* **EXERCISE DETAILS**
Your answer should be the records again, unchanged in wording and free of images.

* **RECORDS PROVIDED**
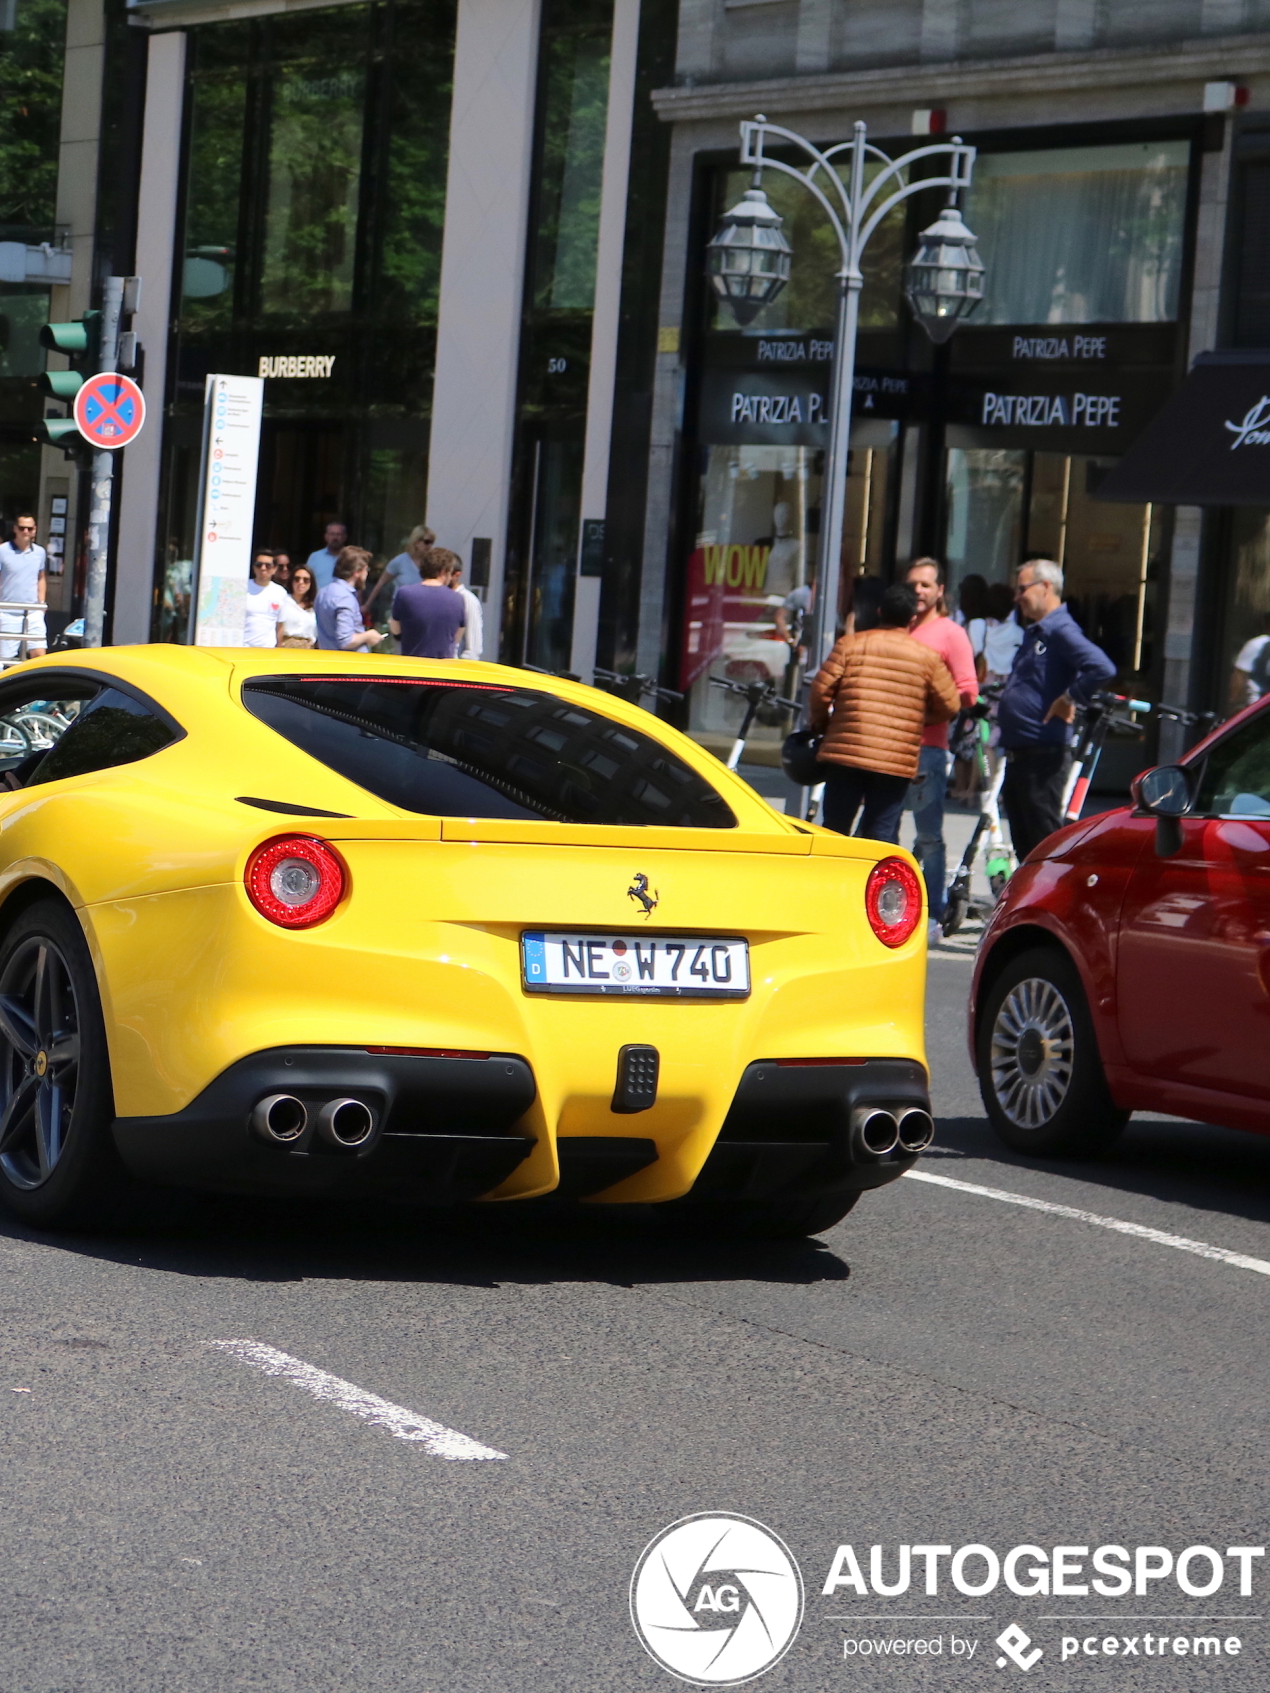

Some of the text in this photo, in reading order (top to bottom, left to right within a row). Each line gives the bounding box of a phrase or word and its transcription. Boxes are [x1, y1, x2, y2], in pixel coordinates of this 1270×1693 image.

[758, 340, 806, 361] PATRIZIA
[1013, 335, 1107, 359] PATRIZIA PEPE
[259, 355, 336, 378] BURBERRY
[548, 358, 566, 373] 50
[732, 393, 802, 424] PATRIZIA
[982, 392, 1121, 427] PATRIZIA PEPE
[704, 544, 770, 588] WOW
[532, 963, 541, 974] D
[562, 940, 731, 982] NE W 740
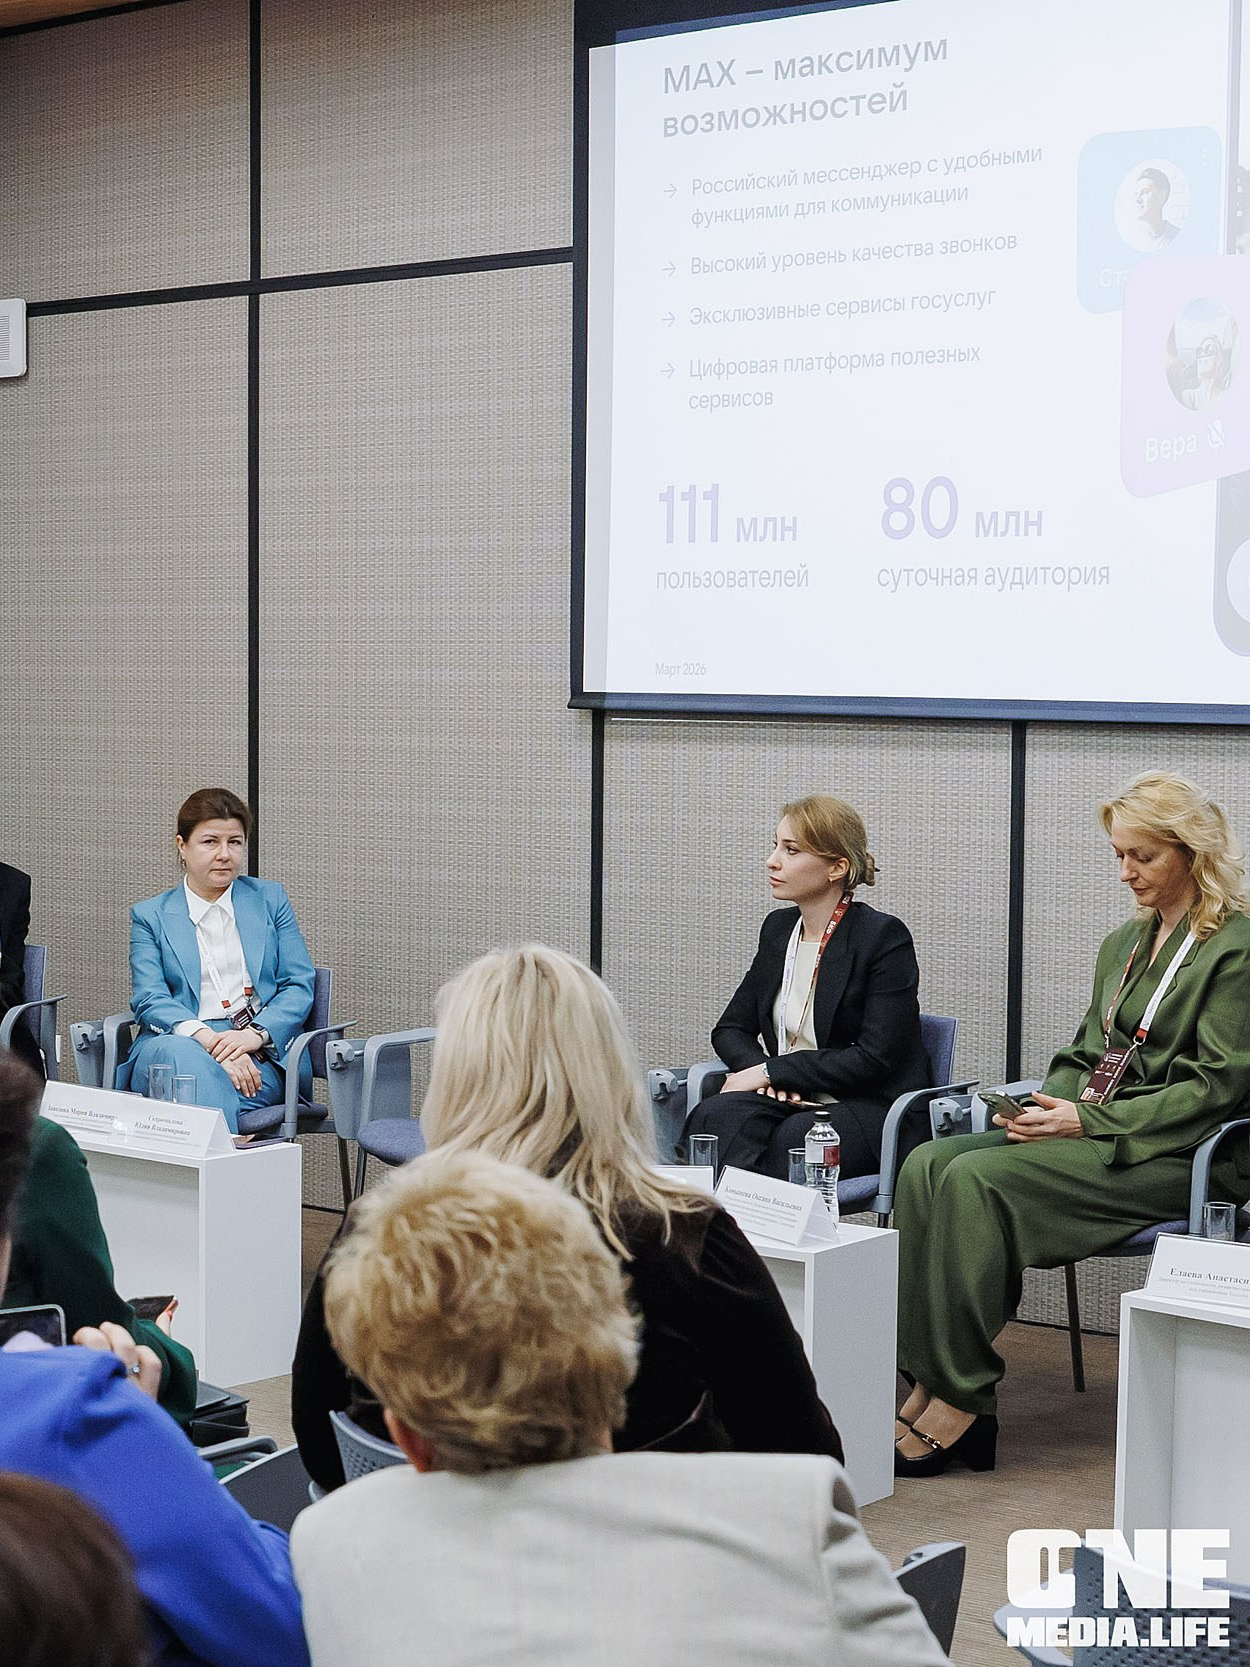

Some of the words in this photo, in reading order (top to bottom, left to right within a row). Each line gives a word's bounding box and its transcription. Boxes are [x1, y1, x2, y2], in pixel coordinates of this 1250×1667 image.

[664, 58, 736, 94] MAX
[775, 39, 948, 81] максимум
[663, 82, 907, 138] возможностей
[693, 169, 797, 196] Российский
[804, 161, 921, 184] мессенджер
[927, 159, 938, 172] с
[943, 148, 1042, 176] удобными
[691, 204, 789, 229] функциями
[794, 201, 825, 220] для
[832, 187, 968, 213] коммуникации
[691, 251, 766, 274] Высокий
[771, 249, 846, 272] уровень
[853, 242, 934, 262] качества
[940, 235, 1017, 254] звонков
[690, 304, 821, 325] Эксклюзивные
[826, 297, 905, 319] сервисы
[911, 291, 996, 312] госуслуг
[690, 357, 778, 381] Цифровая
[784, 352, 884, 375] платформа
[891, 347, 980, 367] полезных
[689, 392, 773, 413] сервисов
[1144, 434, 1198, 464] Вера
[659, 483, 719, 544] 111
[737, 516, 797, 543] млн
[881, 476, 958, 540] 80
[975, 510, 1043, 538] млн
[657, 563, 808, 589] пользователей
[878, 568, 977, 593] суточная
[985, 566, 1110, 592] аудитория
[655, 662, 681, 678] Март
[683, 662, 706, 675] 2026
[1205, 1272, 1250, 1286] Анастаси

* **YOUR RESPONSE**
Some of the text in this photo, in reading order (top to bottom, left to right within a row). Each line gives the bounding box of a phrase or word and its transcription. Boxes are [x1, y1, x2, y2], in pixel coordinates of this 1270×1693 image.

[758, 340, 806, 361] PATRIZIA
[1013, 335, 1107, 359] PATRIZIA PEPE
[259, 355, 336, 378] BURBERRY
[548, 358, 566, 373] 50
[732, 393, 802, 424] PATRIZIA
[982, 392, 1121, 427] PATRIZIA PEPE
[704, 544, 770, 588] WOW
[532, 963, 541, 974] D
[562, 940, 731, 982] NE W 740

Some of the words in this photo, in reading order (top to bottom, left to right within a row). Each line gives a word's bounding box and its transcription. Boxes are [x1, y1, x2, y2], in pixel coordinates of this 1250×1667 image.

[664, 58, 736, 94] MAX
[775, 39, 948, 81] максимум
[663, 82, 907, 138] возможностей
[693, 169, 797, 196] Российский
[804, 161, 921, 184] мессенджер
[927, 159, 938, 172] с
[943, 148, 1042, 176] удобными
[691, 204, 789, 229] функциями
[794, 201, 825, 220] для
[832, 187, 968, 213] коммуникации
[691, 251, 766, 274] Высокий
[771, 249, 846, 272] уровень
[853, 242, 934, 262] качества
[940, 235, 1017, 254] звонков
[690, 304, 821, 325] Эксклюзивные
[826, 297, 905, 319] сервисы
[911, 291, 996, 312] госуслуг
[690, 357, 778, 381] Цифровая
[784, 352, 884, 375] платформа
[891, 347, 980, 367] полезных
[689, 392, 773, 413] сервисов
[1144, 434, 1198, 464] Вера
[659, 483, 719, 544] 111
[737, 516, 797, 543] млн
[881, 476, 958, 540] 80
[975, 510, 1043, 538] млн
[657, 563, 808, 589] пользователей
[878, 568, 977, 593] суточная
[985, 566, 1110, 592] аудитория
[655, 662, 681, 678] Март
[683, 662, 706, 675] 2026
[1205, 1272, 1250, 1286] Анастаси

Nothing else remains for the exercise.